───── Record excerpts

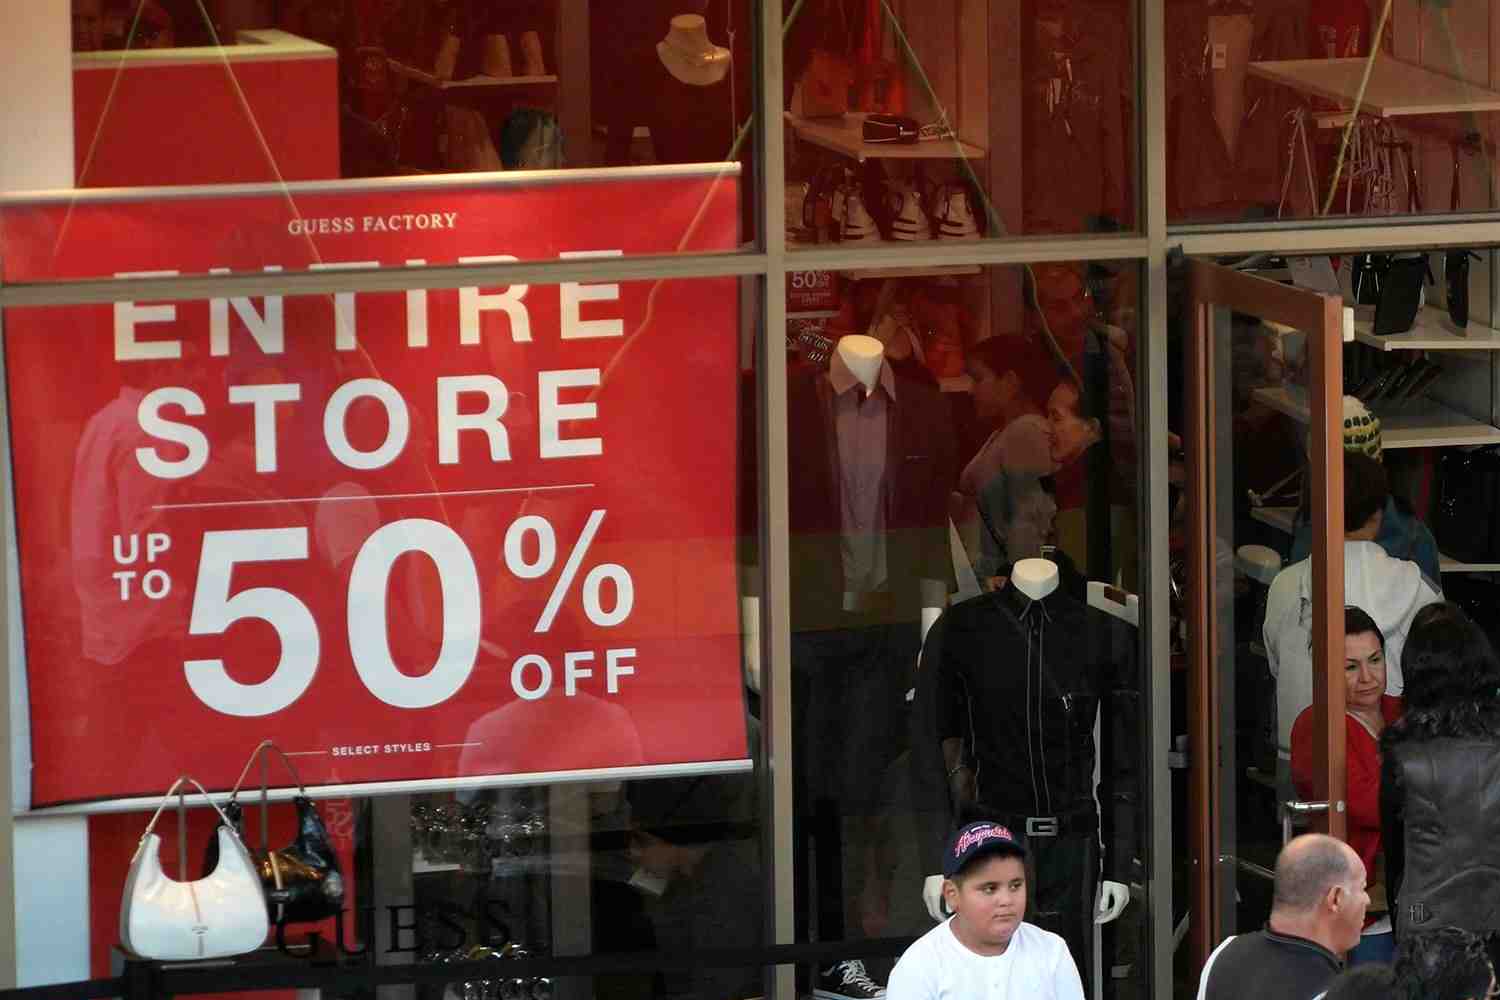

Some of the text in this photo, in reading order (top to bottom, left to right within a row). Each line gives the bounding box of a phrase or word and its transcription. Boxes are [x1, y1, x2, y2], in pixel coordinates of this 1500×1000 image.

[287, 212, 457, 235] GUESS FACTORY
[114, 249, 625, 362] ENTIRE
[135, 368, 604, 480] STORE
[112, 532, 171, 565] UP
[112, 570, 172, 601] TO
[184, 509, 636, 717] 50%
[510, 647, 636, 701] OFF
[331, 742, 432, 756] SELECT STYLES

──────────

*Problem details*:
Every entry above should be written out again verbatim, with no pictures included.

*Answer to this task*:
Some of the text in this photo, in reading order (top to bottom, left to right within a row). Each line gives the bounding box of a phrase or word and its transcription. Boxes are [x1, y1, x2, y2], in pixel coordinates of this 1500×1000 image.

[287, 212, 457, 235] GUESS FACTORY
[114, 249, 625, 362] ENTIRE
[135, 368, 604, 480] STORE
[112, 532, 171, 565] UP
[112, 570, 172, 601] TO
[184, 509, 636, 717] 50%
[510, 647, 636, 701] OFF
[331, 742, 432, 756] SELECT STYLES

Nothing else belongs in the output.